For those with finished films, the decision to attend a festival this year involves new variables. “These festivals serve a curatorial function, and that curatorial function isn’t going to change,” says longtime industry publicist Cynthia Swartz. “But it'll be a harder decision if you have a film that you think will be a big audience pleaser and obviously festivals won’t be able to fully deliver that experience, either due to social distancing in the theater itself or because there are fewer press and industry people there to witness that excitement.”
Studios are also waiting to see what new Oscar qualifying rules the Academy will set at its board of governors meeting April 28. Given the organization’s blessing that doing so would not affect awards eligibility, some distributors may opt to premiere their films on-demand now, with the understanding that the studios will support a theatrical release when theaters reopen. “Right now there’s a captive audience at home,” says a studio source. “So do you take a look at another way of getting the films out there?”
The festivals themselves, meanwhile, provide crucial revenue for the nonprofit arts organizations that throw them, and canceling entirely would mean financial ruin, especially for the American festivals, which don’t have government backing. Multiple studio sources say they will continue to provide sponsorship to festivals, even if they don’t send films this year. In other words, they would rather commit to just writing a check than to sending talent and staff to a potentially unsafe event.
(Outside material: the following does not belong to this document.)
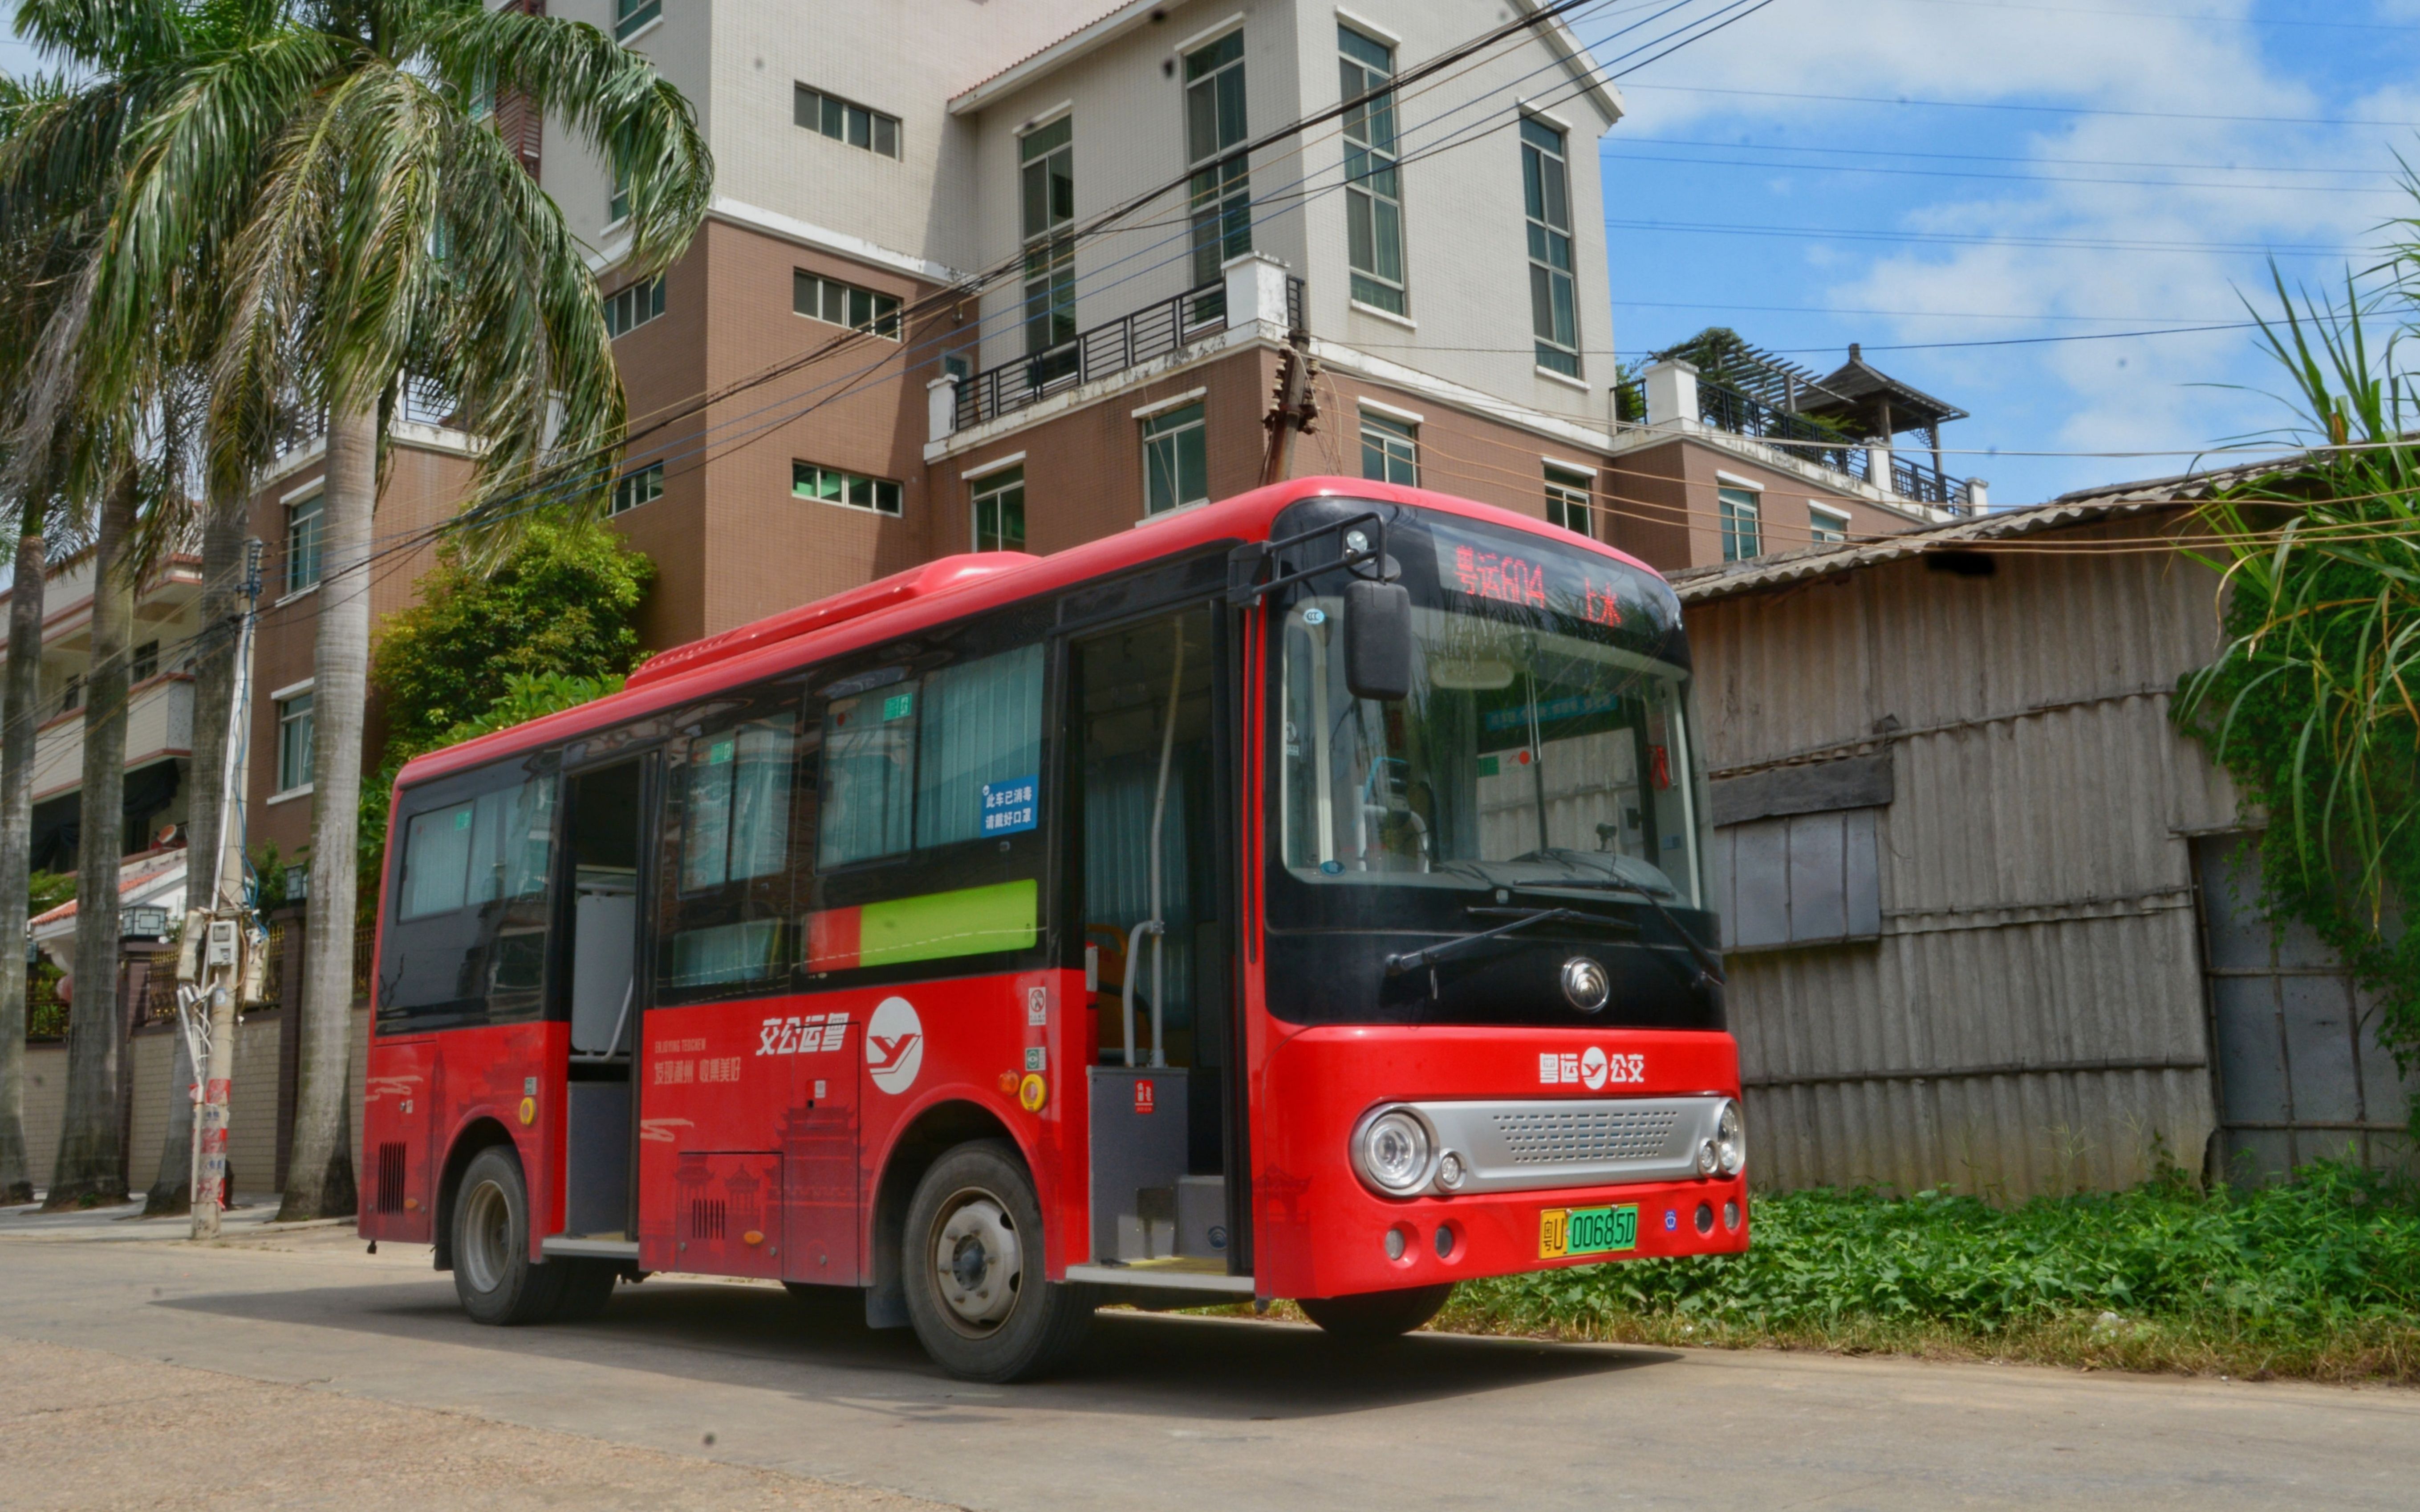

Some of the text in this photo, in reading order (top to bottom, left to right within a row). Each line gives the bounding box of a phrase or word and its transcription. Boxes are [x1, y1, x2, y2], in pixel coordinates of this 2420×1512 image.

For filmmakers seeking distribution, wading into the fall’s uncertain marketplace while others wait out the pandemic could be a way to stand out. "Who’s going to be buying?” asks one industry source. “What’s the climate going to be like? At some point the streamers will have a lag in production and will need stuff. Some films might get an advantage by being the ones who decide to go this year."
Even a downsized festival will be its own kind of triumph, says Basner. “I’ll just be so pleased to be in a screening room in a beautiful cinema watching a movie again, I’ll be more inclined to buy.”